Seymour Sears, P.Geo, a qualified person as
defined by National Instrument (“NI”) 43-101, reviewed and approved
the technical information contained in this news release.
ON BEHALF OF THE BOARD
“John A. Versfelt”
John A. Versfelt President and CEO
Further information about the Company can be
found on SEDAR (www.sedar.com) or by contacting Mr. John Versfelt,
President & CEO of the Company at 604-527‑8135.
Completion of the transaction is subject to a
number of conditions, including but not limited to, Exchange
acceptance and if applicable, disinterested shareholder approval.
Where applicable, the transaction cannot close until the required
shareholder approval is obtained. There can be no assurance that
the transaction will be completed as proposed or at all.

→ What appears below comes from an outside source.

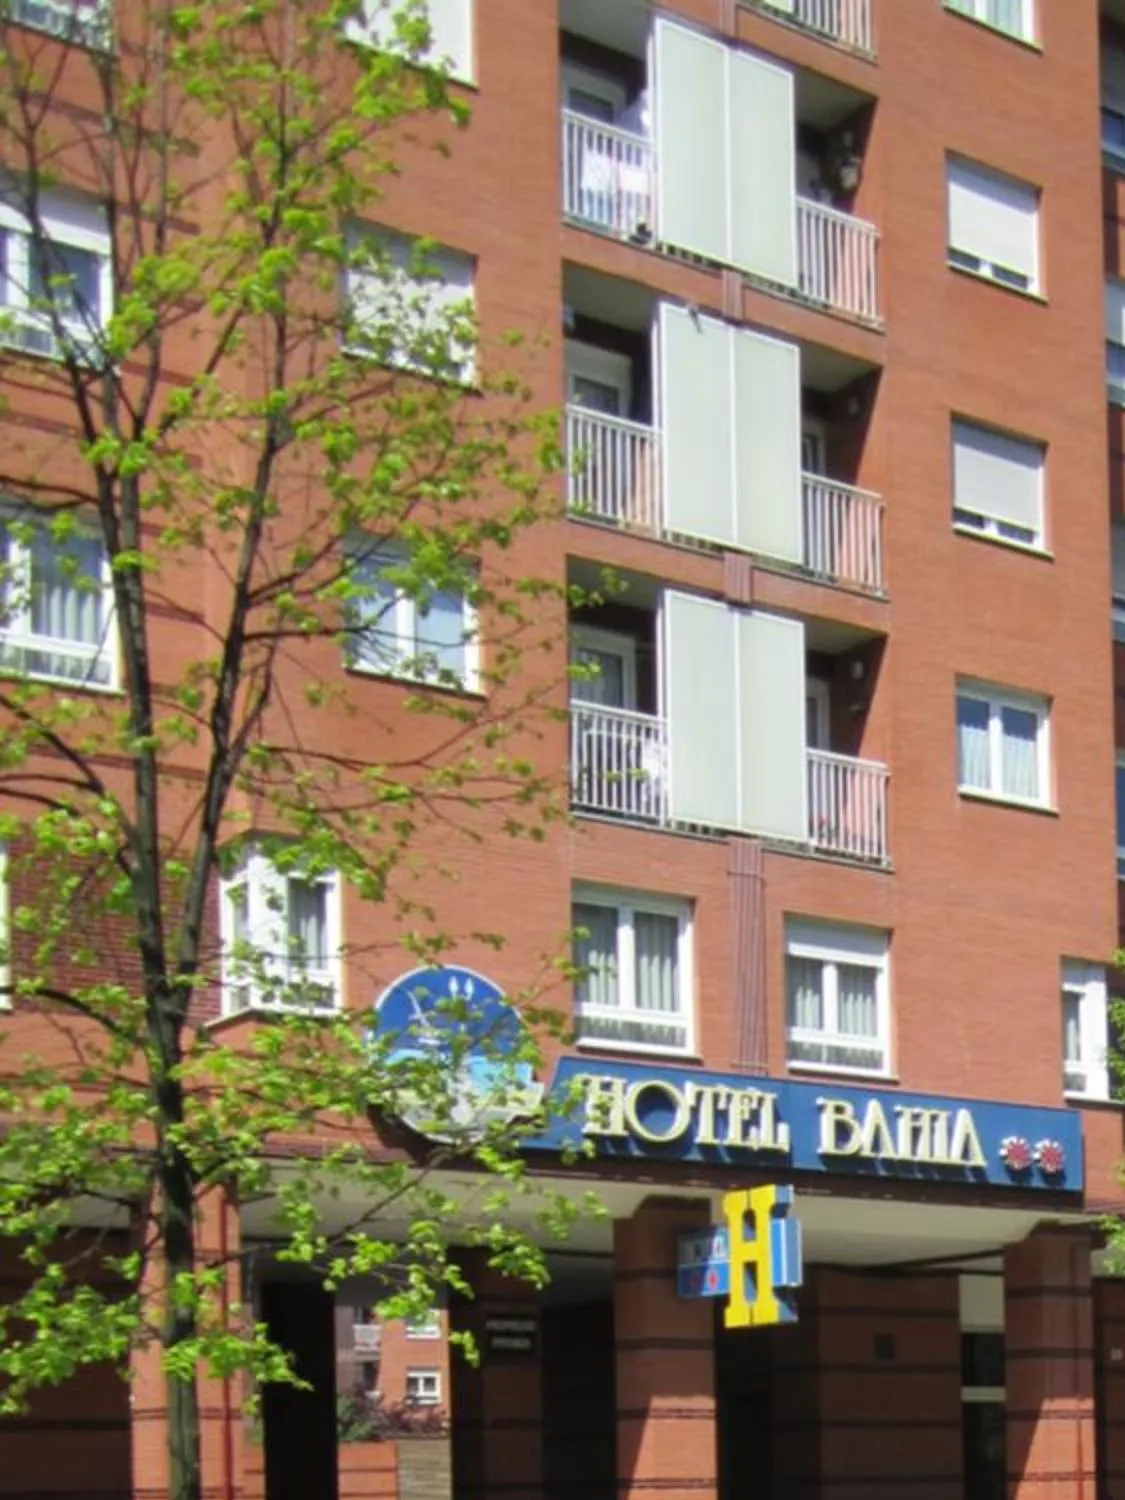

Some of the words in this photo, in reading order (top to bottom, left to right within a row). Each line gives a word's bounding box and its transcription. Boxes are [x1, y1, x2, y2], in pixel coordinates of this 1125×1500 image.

[579, 1074, 789, 1153] HOTEL
[816, 1097, 987, 1167] BAHIA
[722, 1184, 780, 1329] H
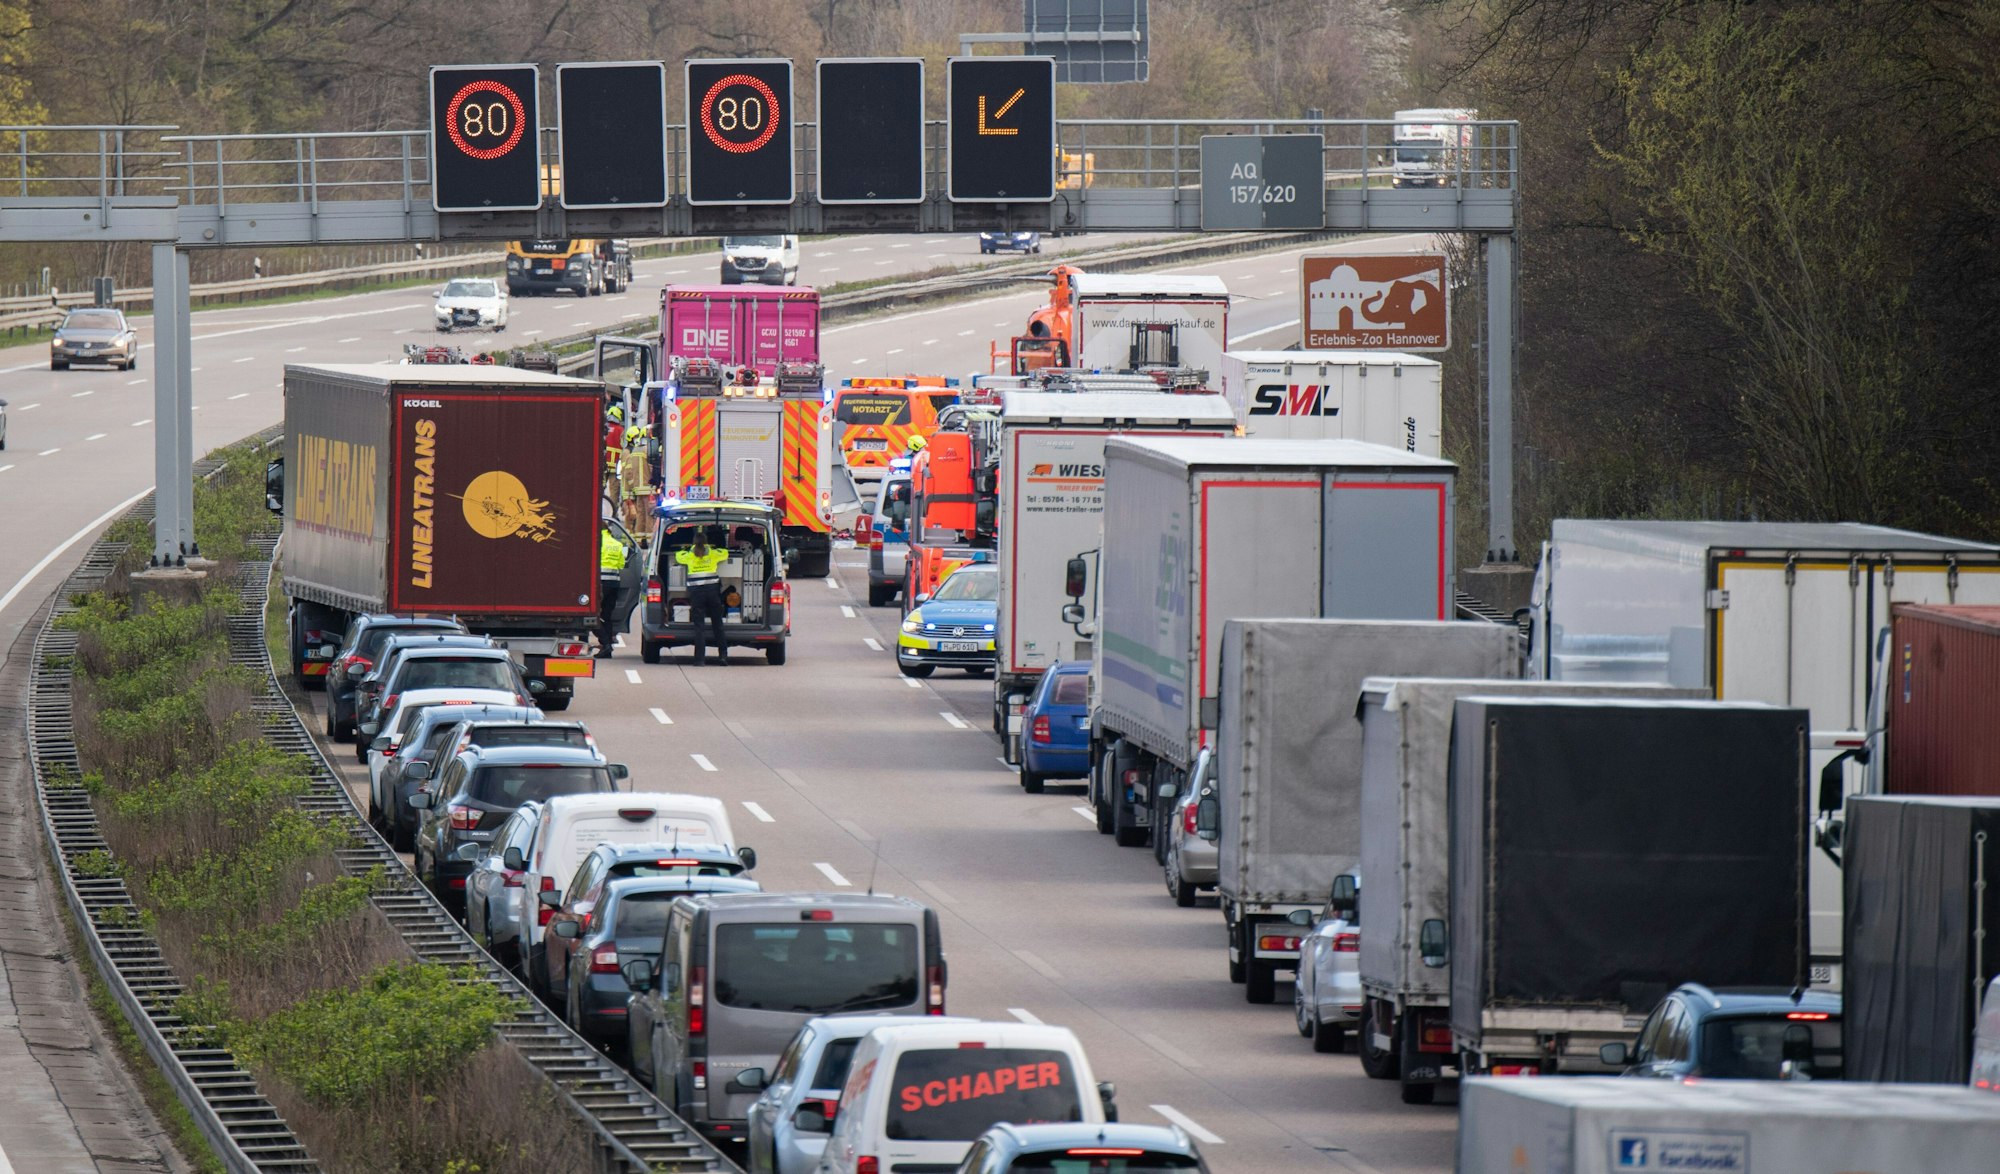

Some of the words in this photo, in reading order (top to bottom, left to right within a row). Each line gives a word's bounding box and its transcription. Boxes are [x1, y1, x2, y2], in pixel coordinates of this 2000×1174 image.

Investors are cautioned that, except as
disclosed in the management information circular or filing
statement to be prepared in connection with the transaction, any
information released or received with respect to the transaction
may not be accurate or complete and should not be relied upon.
Trading in the securities of IMMC should be considered highly
speculative.
The TSX Venture Exchange Inc. has in no way
passed upon the merits of the proposed transaction and has neither
approved nor disapproved the contents of this news release.
Neither TSX Venture Exchange nor its Regulation
Services Provider (as that term is defined in the policies of the
TSX Venture Exchange) accepts responsibility for the adequacy or
accuracy of this release. This news release may contain
forward-looking statements including but not limited to comments
regarding the timing and content of upcoming work programs,
geological interpretations, potential mineral recovery processes
and other business transactions timing. Forward-looking statements
address future events and conditions and therefore, involve
inherent risks and uncertainties. Actual results may differ
materially from those currently anticipated in such statements.